> [Instructions for the task] Leave out the pictures and transcribe the rest of the records exactly.

Referring expression grounding data:

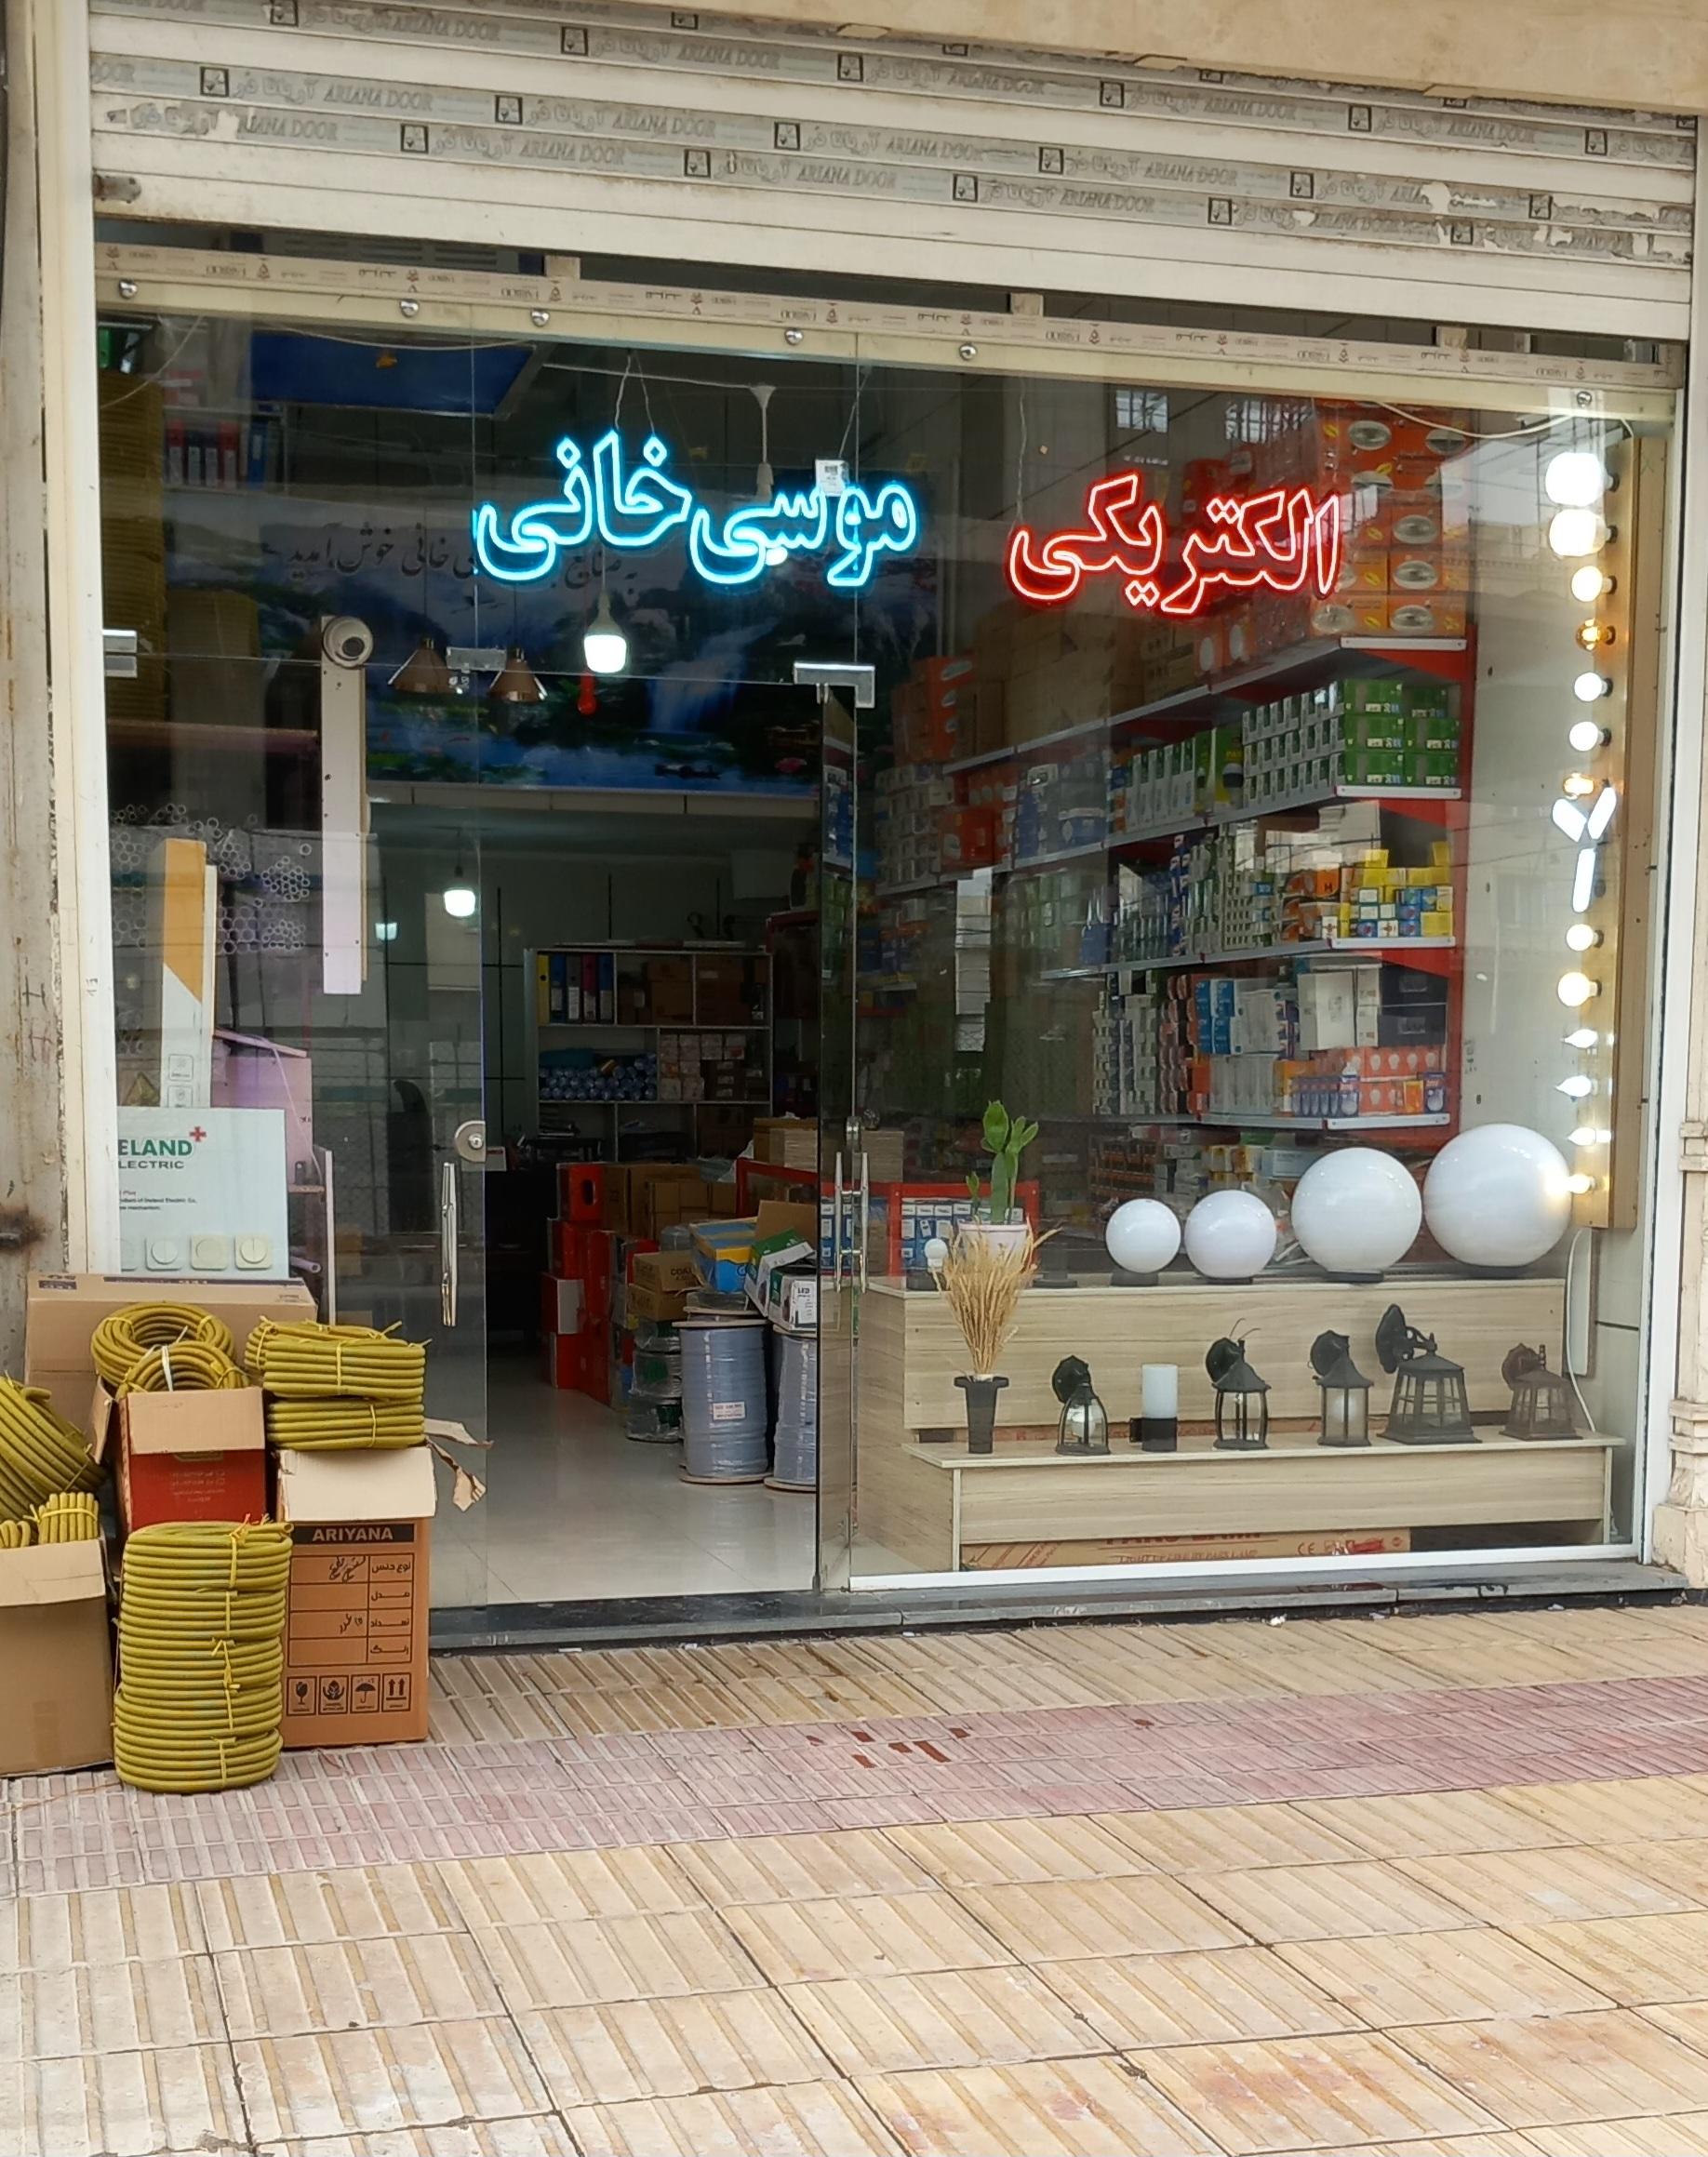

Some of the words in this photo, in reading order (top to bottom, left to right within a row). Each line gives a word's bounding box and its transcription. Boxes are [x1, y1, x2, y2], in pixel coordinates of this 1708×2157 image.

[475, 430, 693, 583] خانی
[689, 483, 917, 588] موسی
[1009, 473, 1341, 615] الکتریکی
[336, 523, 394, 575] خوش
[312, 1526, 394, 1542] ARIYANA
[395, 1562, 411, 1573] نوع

> [Reply]
Some of the words in this photo, in reading order (top to bottom, left to right within a row). Each line gives a word's bounding box and its transcription. Boxes are [x1, y1, x2, y2], in pixel coordinates of this 1708×2157 image.

[475, 430, 693, 583] خانی
[689, 483, 917, 588] موسی
[1009, 473, 1341, 615] الکتریکی
[336, 523, 394, 575] خوش
[312, 1526, 394, 1542] ARIYANA
[395, 1562, 411, 1573] نوع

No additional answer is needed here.